The original ASG defines the key stream Z = {z_i} from three shift registers X = {x_i}, Y = {y_i} and C = {c_i} via these steps:

  1. Initially, l = 0, t = 1.
  2. If ct = 1, then l = l + 1;
  3. Output z_t = x_l ⊕ y_(t−l) , where ⊕ is XOR operator;
  4. t = t + 1 and go to step 2.

E.g. we step one them depending on c_t, and use the latest output of both.


For the variant, we define w_i = z_i ⊕ z_(i-1), u_i = x_i ⊕ x_(i-1), v_i = y_i ⊕ y_(i-1), e.g simply the "difference sequences" of the original ones.
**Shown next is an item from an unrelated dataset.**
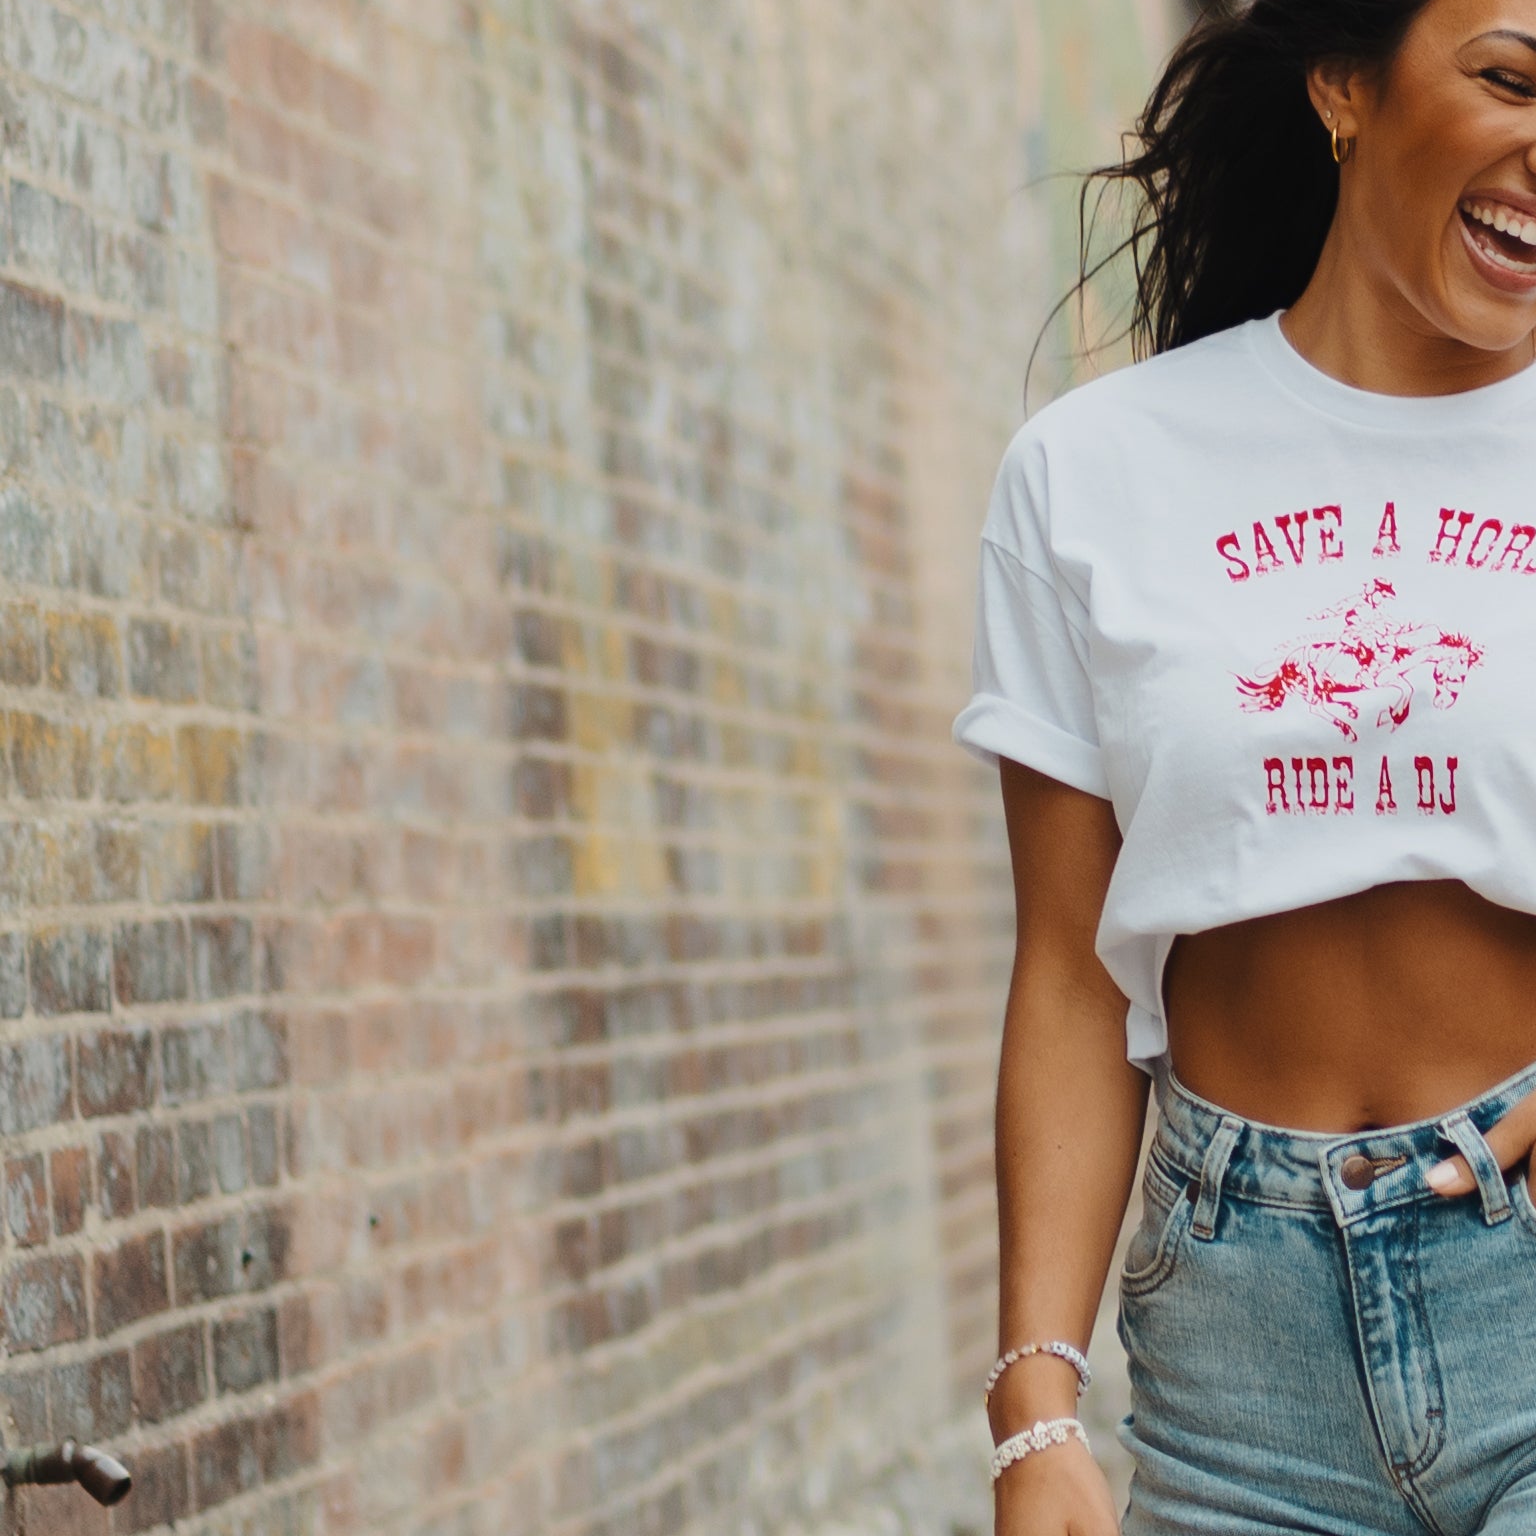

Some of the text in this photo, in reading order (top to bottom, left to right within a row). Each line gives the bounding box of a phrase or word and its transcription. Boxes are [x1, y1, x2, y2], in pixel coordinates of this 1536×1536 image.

[1214, 503, 1345, 584] SAVE
[1371, 500, 1402, 559] A
[1262, 753, 1460, 817] RIDE A DJ
U = {u_i} and V = {v_i} can easily be created by LFSRs of the same length as these for X and Y, simply by adding or removing one feedback link. (And if we have the registers for U and V, we can get the registers for X and Y back.)

It now shows that we can derive W = {w_i} not only directly from Z, but also from U, V and C, using the modified construction:

  1. Initially l = 0, t = 1;
  2. If c_t = 1, then l = l + 1 and output w_t = u_l ;
  3. If c_t = 0, output w_t = v_(t−l).
  4. t = t + 1, go to step 2.

Why? Simply put the formulas:

If c_t = 1, then

w_t =      z_t        ⊕        z_(t-1)
    = (x_l ⊕ y_(t−l)) ⊕ (x_(l-1) ⊕ y_((t-1)−(l-1)))
    = (x_l ⊕ x_(l-1)) ⊕ (y_((t-1)−(l-1)) ⊕ y_(t−l))
    =      u_l        ⊕ (y_(t−l) ⊕ y_(t−l))
    =      u_l        ⊕         0
    =      u_l.

If c_t = 0, then

w_t =     z_t         ⊕     z_(t-1)
    = (x_l ⊕ y_(t−l)) ⊕ (x_l ⊕ y_((t-1)−l))
    = (x_l ⊕ x_l) ⊕ (y_(t−l) ⊕ y_((t-1)−l)
    =       0     ⊕ (y_(t−l) ⊕ y_((t-l)−1)
    =       0     ⊕      v_(t-l)
    =                    v_(t-l).

It is a bit confusing because of 1 and l looking quite similar here.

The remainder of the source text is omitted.